◆ Work instruction ◆
Keep the pictures out of your copy. Transcribe the records below exactly.

***** Records to process

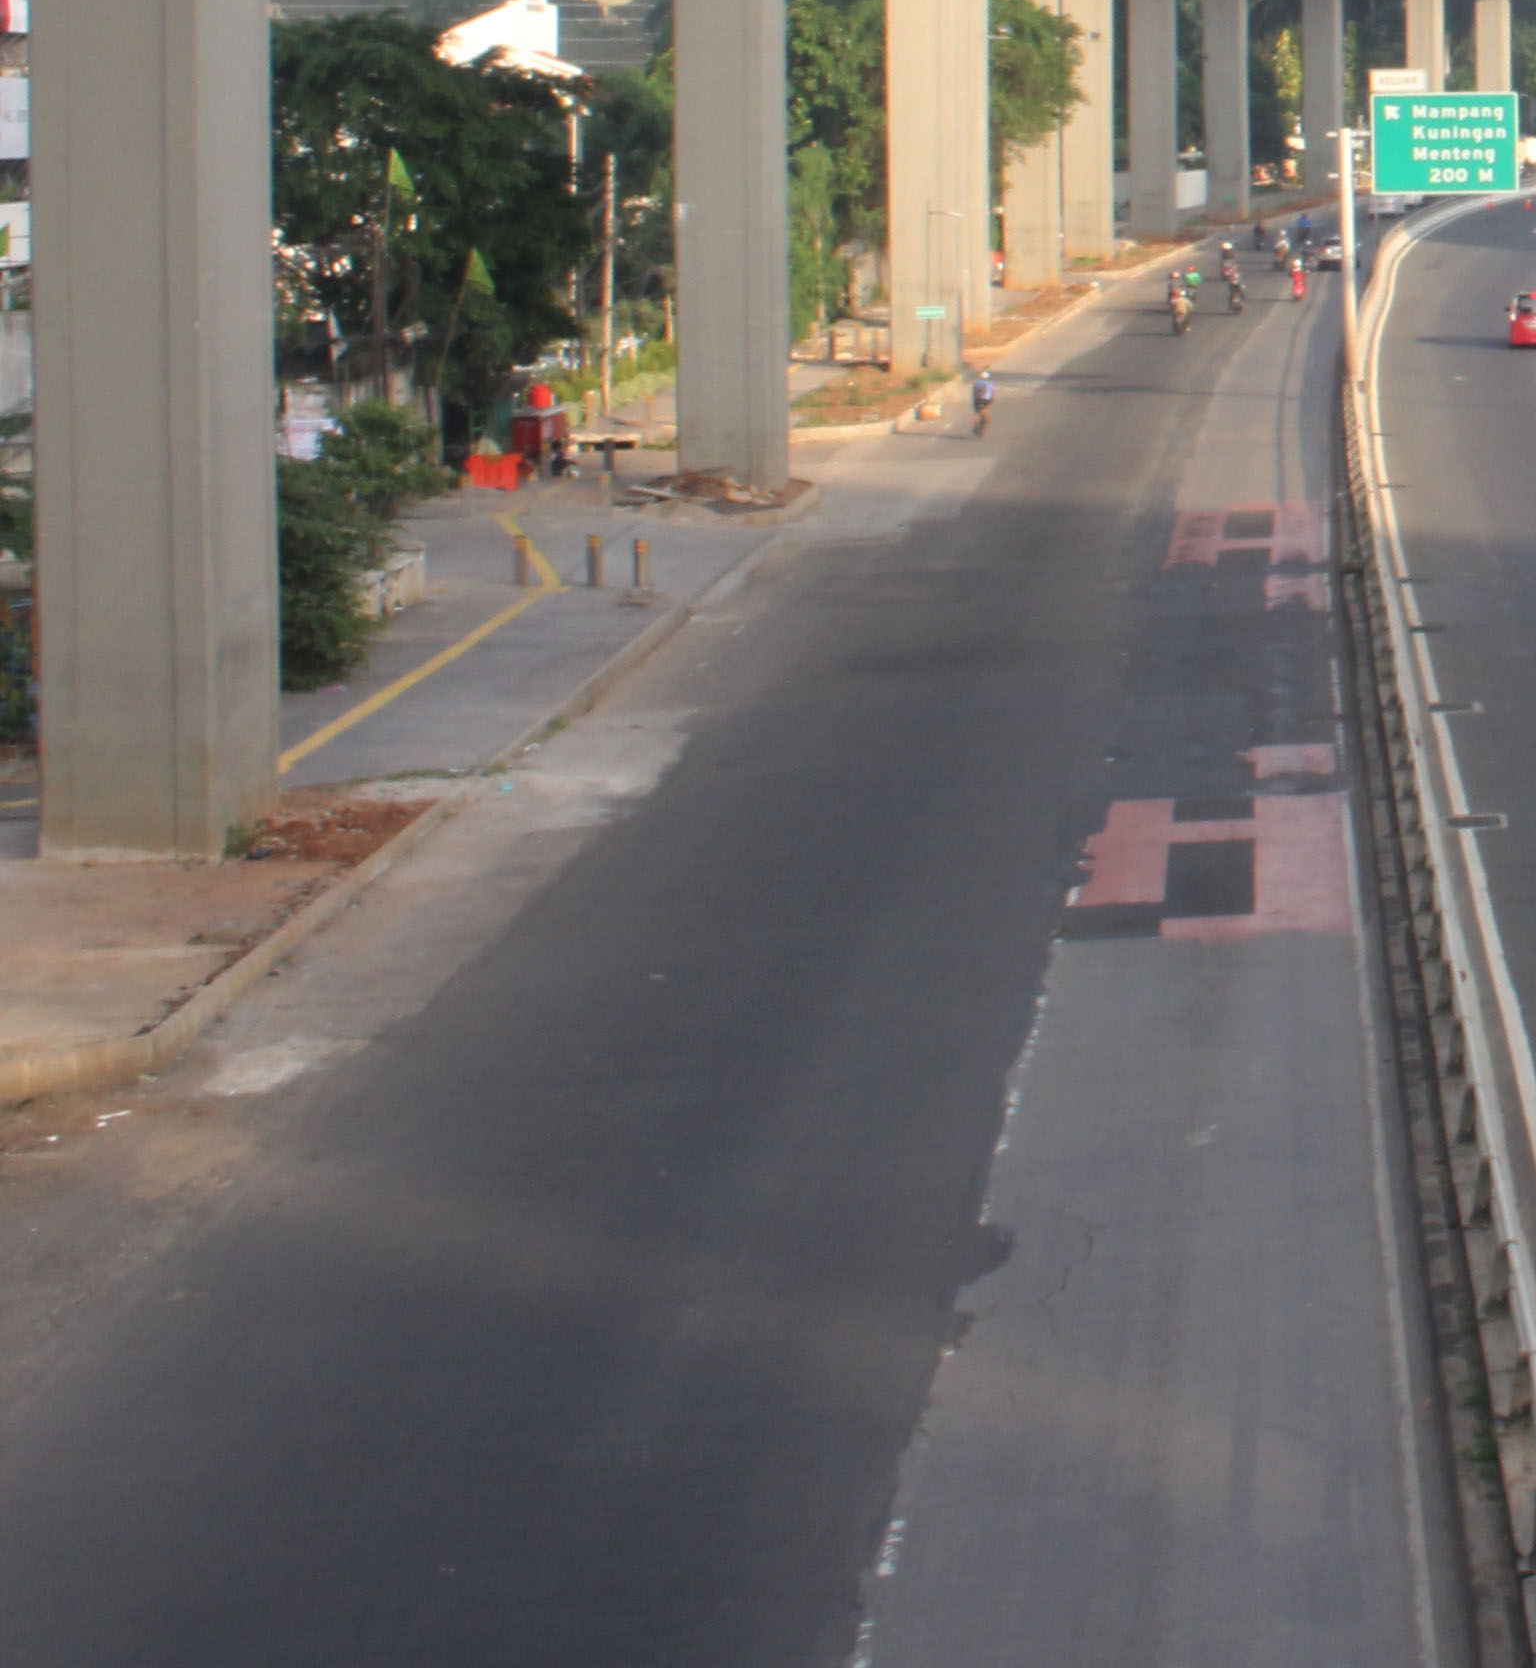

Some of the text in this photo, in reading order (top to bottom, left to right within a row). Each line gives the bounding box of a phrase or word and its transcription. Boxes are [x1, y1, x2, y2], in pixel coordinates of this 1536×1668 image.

[1411, 105, 1504, 122] Mampang
[1412, 125, 1507, 143] Kuningan
[1412, 147, 1496, 163] Menteng
[1428, 167, 1494, 183] 200 M

**********

◆ Result of this exercise ◆
Some of the text in this photo, in reading order (top to bottom, left to right within a row). Each line gives the bounding box of a phrase or word and its transcription. Boxes are [x1, y1, x2, y2], in pixel coordinates of this 1536×1668 image.

[1411, 105, 1504, 122] Mampang
[1412, 125, 1507, 143] Kuningan
[1412, 147, 1496, 163] Menteng
[1428, 167, 1494, 183] 200 M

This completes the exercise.